EP by the Bangles
- Released: June 1982
- Recorded: 1982
- Genre: Rock; pop;
- Length: 13:20
- Label: Faulty Products; I.R.S.;
- Producer: Craig Leon

The Bangles chronology
|  | Bangles (1982) | All Over the Place (1984) |

= Bangles (EP) =

Bangles is the first EP by American pop rock band the Bangles. It was released in 1982 by Faulty Products and reissued in 1983 by I.R.S. Records when Faulty Products went out of business. The songs remained widely unavailable thereafter, with only occasional rereleases of individual songs. The whole five-song EP was eventually reissued as part of the Bangles' 2014 compilation, Ladies and Gentlemen... The Bangles!.

This would be the group's only release to feature original bassist Annette Zilinskas, who left in early 1983 and was replaced by Michael Steele, and did not record with them again until the 2018 multigroup album 3 × 4.

A three-song CD3 mini single version of the EP was released on A&M/I.R.S. Records in 1988.

==Background==
The Bangles began in Los Angeles as a garage rock band called the Bangs, popularly associated with similar bands from the area in the Paisley Underground music scene.
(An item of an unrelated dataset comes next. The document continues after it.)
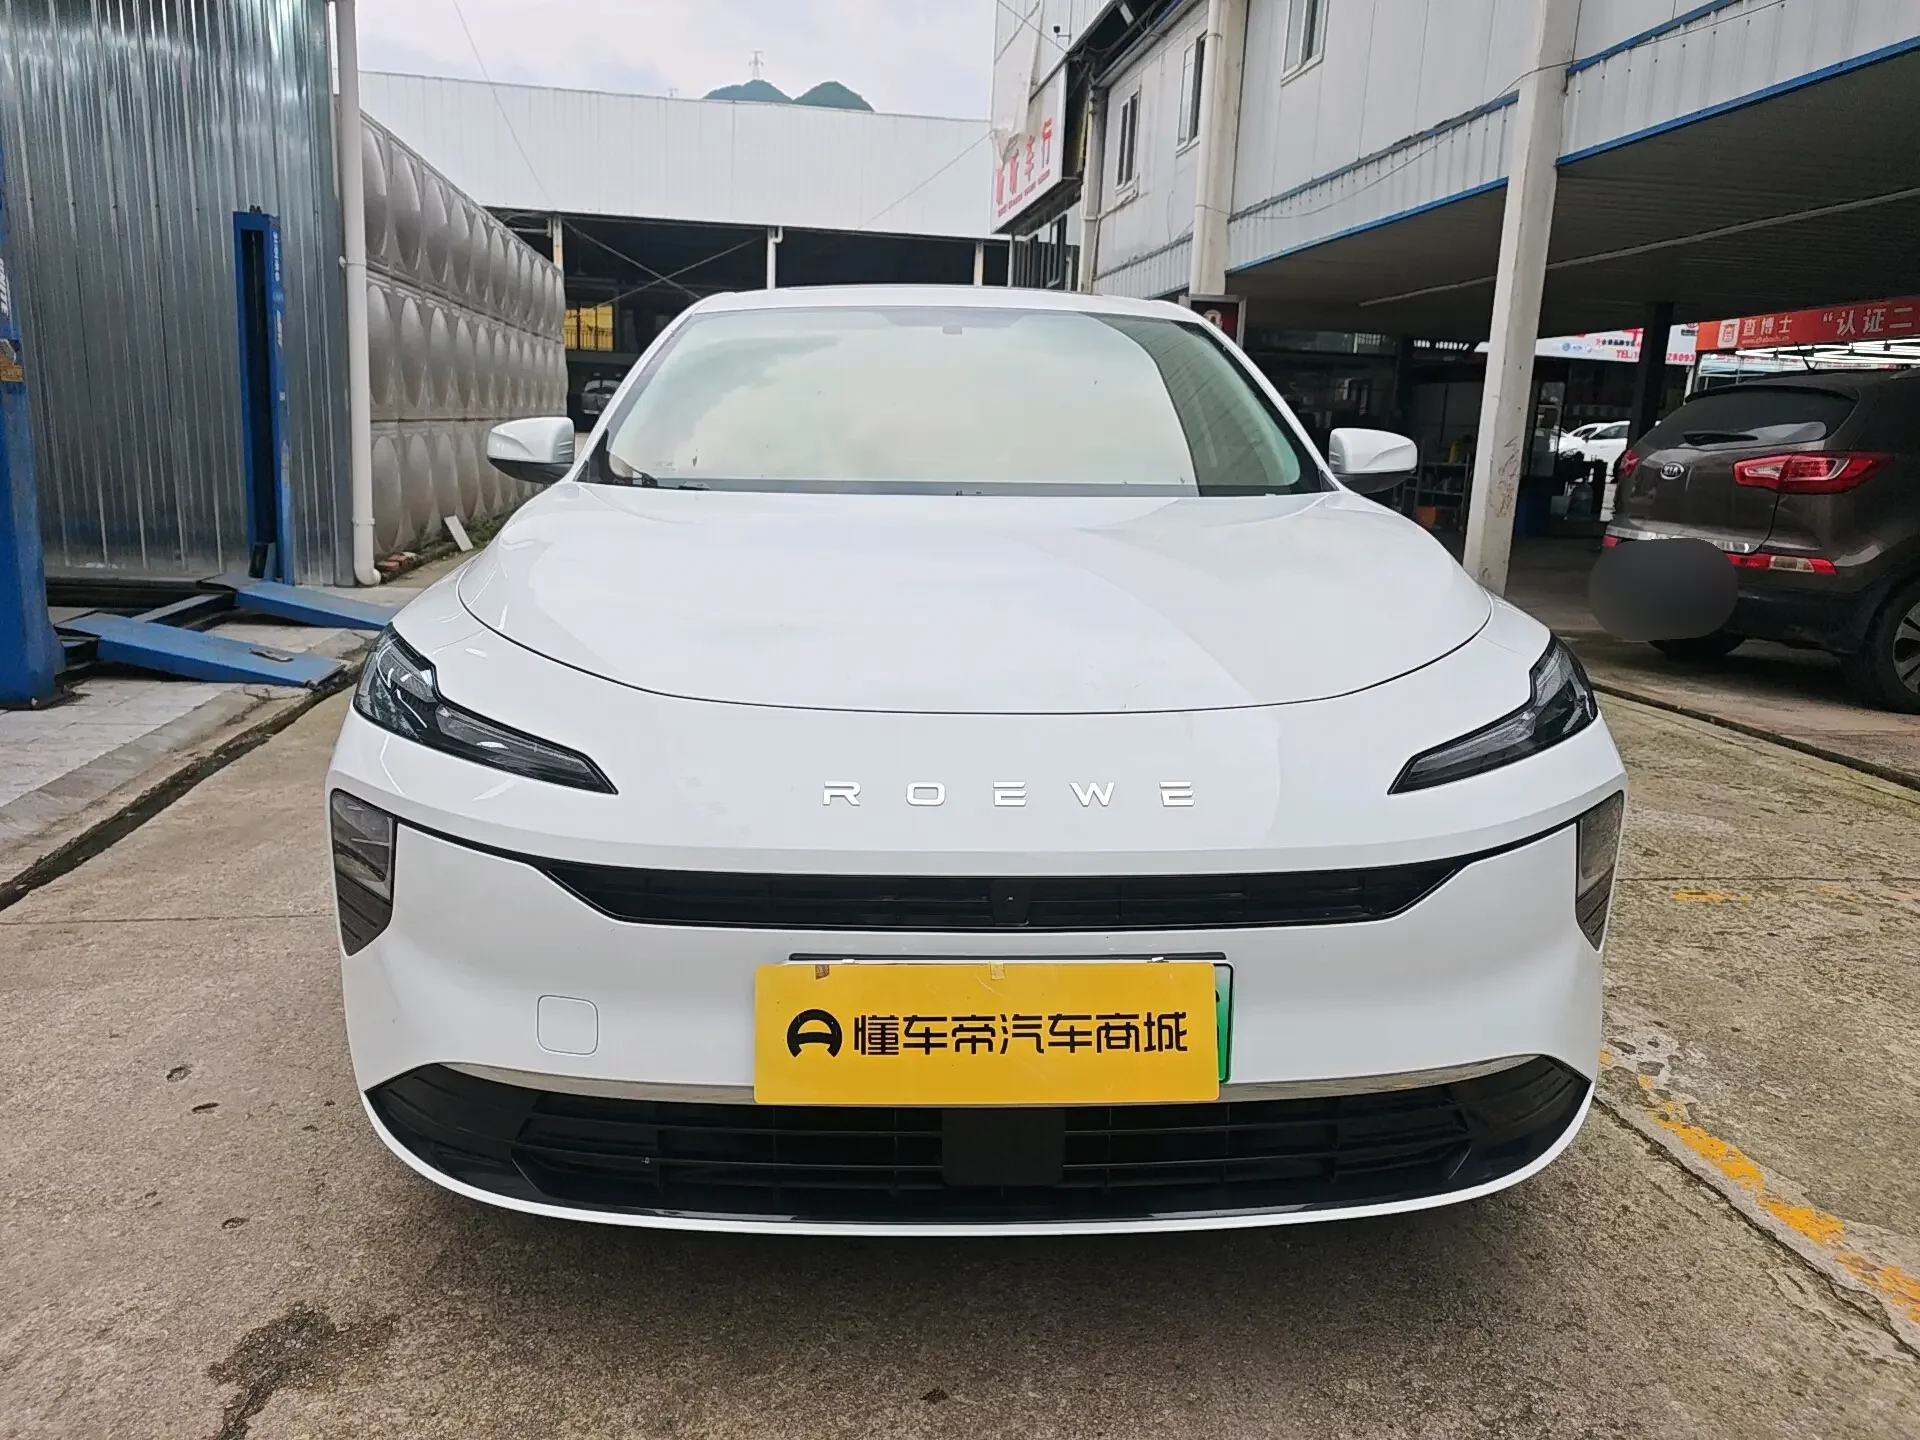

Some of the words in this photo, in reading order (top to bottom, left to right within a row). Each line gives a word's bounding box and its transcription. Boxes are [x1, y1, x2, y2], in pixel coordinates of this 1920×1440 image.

[1742, 315, 1793, 337] 查博士
[822, 781, 1195, 807] ROEWE
[853, 1011, 1189, 1057] 懂车帝汽车商城
After self-releasing a well-received debut single, "Getting Out of Hand" (1981), the group was signed by music industry executive Miles Copeland to his new record label Faulty Products, an independent US-based subsidiary of I.R.S. Records. The band quickly recorded a five-song mini-album which was released in June 1982.

==Composition and recording==
The EP includes four original songs penned by band members, as well as "How Is the Air Up There?", a cover version of the 1966 single by New Zealand band the La De Da's (which is itself a rendition of the Changin' Times' 1965 single). Vocals are credited to Vicki and Debbi Peterson and Susanna Hoffs on every track. Vicki sings the lead vocal on "Want You" and "How Is the Air Up There?" while Debbi sings "I'm in Line"; Hoffs sings "The Real World", and she and Vicki share the lead on "Mary Street". Annette Zilinskas provides backing vocals on "Want You".
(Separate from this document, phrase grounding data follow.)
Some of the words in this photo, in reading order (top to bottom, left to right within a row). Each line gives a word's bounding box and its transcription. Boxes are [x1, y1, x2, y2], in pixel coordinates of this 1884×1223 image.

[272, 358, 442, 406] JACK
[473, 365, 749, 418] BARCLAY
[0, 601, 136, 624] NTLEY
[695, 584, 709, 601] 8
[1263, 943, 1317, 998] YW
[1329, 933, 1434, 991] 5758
Music industry veteran Craig Leon served as the record producer. Leon was already well known in rock and indie circles for his production work with the Ramones and Blondie. Leon also played piano on "Mary Street" and "The Real World", and the latter song includes additional piano work by Ethan James. The album cover art was designed by Ewa Wojciak with photography by Bob Seidemann.
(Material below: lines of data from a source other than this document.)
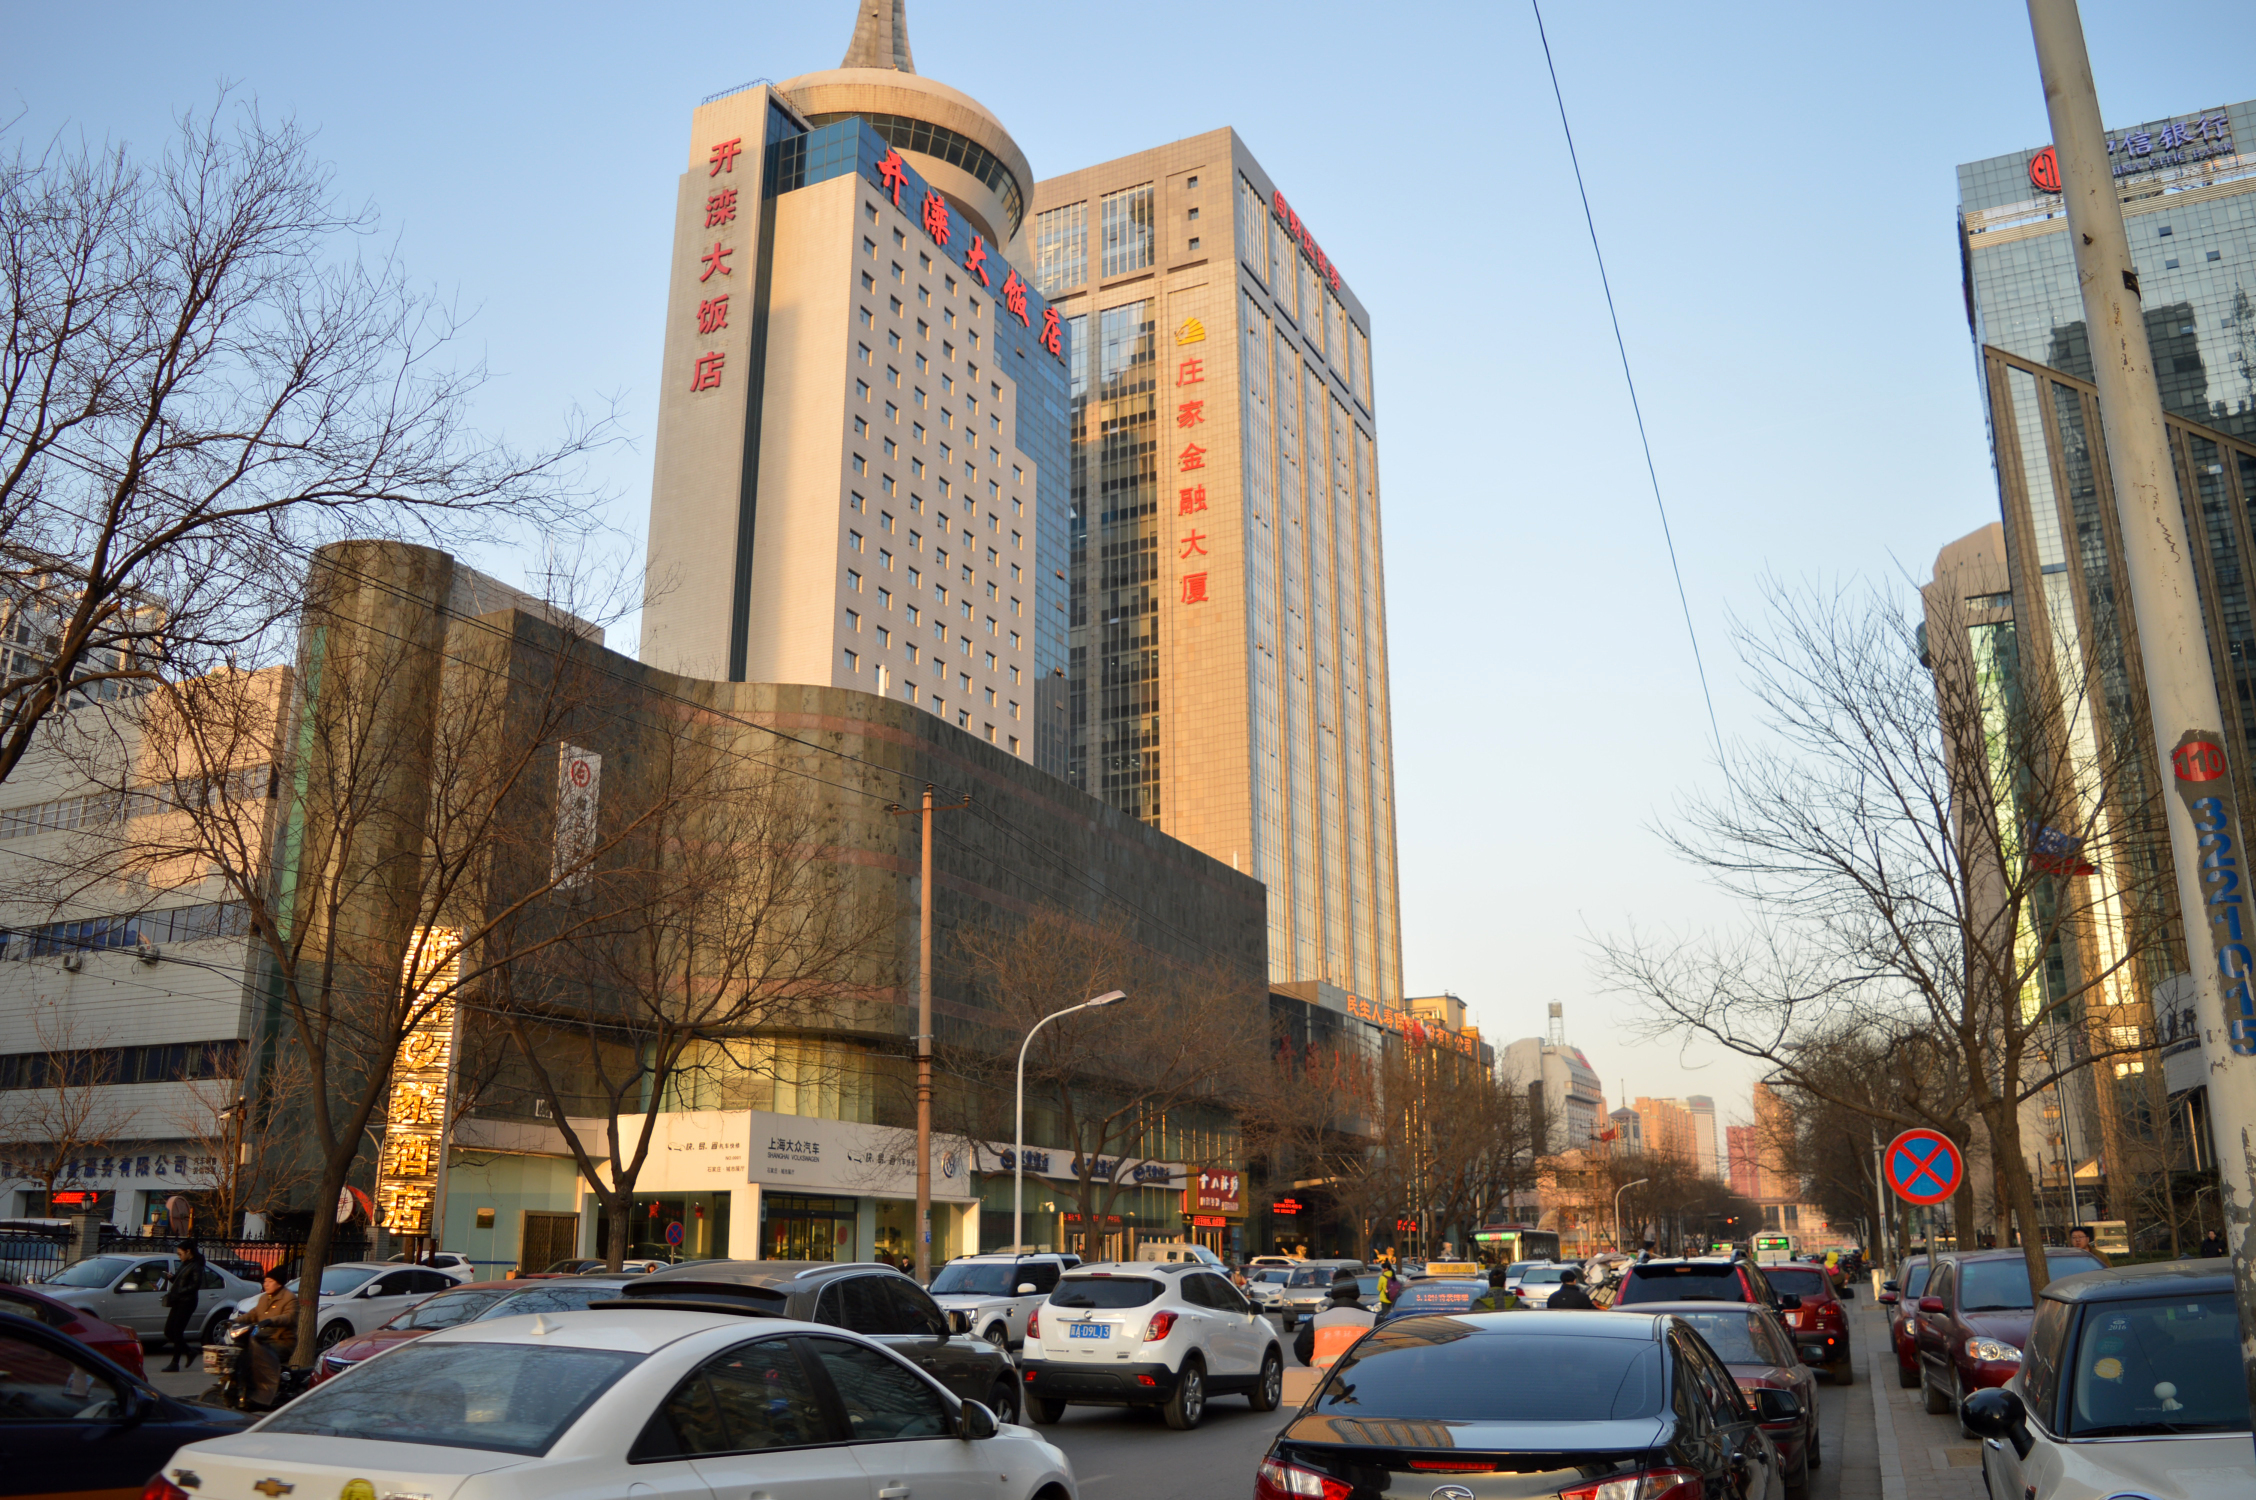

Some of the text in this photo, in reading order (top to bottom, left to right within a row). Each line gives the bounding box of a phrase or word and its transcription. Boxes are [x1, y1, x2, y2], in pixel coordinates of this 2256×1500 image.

[2107, 114, 2228, 156] 信银行
[689, 137, 742, 392] 开滦大饭店
[877, 149, 1062, 357] 开滦大饭店
[1176, 357, 1209, 604] 庄家金融大厦
[2175, 748, 2224, 776] 110
[2191, 797, 2256, 1056] 3221015
[767, 1136, 820, 1154] 上海大众汽车
[767, 1152, 820, 1163] SHANGHAI VOLKSWAGEN
Shortly after the EP's release, Zilinskas left the band and was replaced by former Runaways bassist Michael Steele.

==Musical style==
The Bangles' early years were informed by a 1960s garage rock sensibility, and the 1982 EP maintains a stylistic link between the "Getting Out of Hand" debut single and the band's first full-length album, the critically acclaimed All Over the Place (1984). Music critics often note the irony of their subsequent rise from guitar-based rock devotees to "one of the most successful chart groups of the '80s with their slickly produced synth pop". In his book Music: What Happened?, Scott Miller names "The Real World" as one of the top songs of the 1980s, and remarks of the EP: "Those who know only 'Eternal Flame' might be amazed at how inventive and together they were in their relative infancy". The Bangles themselves consider the early material, lesser-known though it was, to be vital to their own story: as Hoffs told Billboard in 2014, "I think it's as representative of who we really are and as authentic as anything the Bangles have ever done. There's a kind of architecture to those songs – three-part harmonies, guitar-driven, jangly over a kind of garage rock rhythm is who we are now, still, as much as we were back then."

==Release==

The original EP was released on vinyl in June 1982 by Faulty Products (catalog #FEP 1302), after a delay due to the change of the band's name from the Bangs to the Bangles and consequent retouching of the cover art. The label folded soon after and Copeland's major label, I.R.S. Records, re-released it in 1983 (catalog #SP-70506).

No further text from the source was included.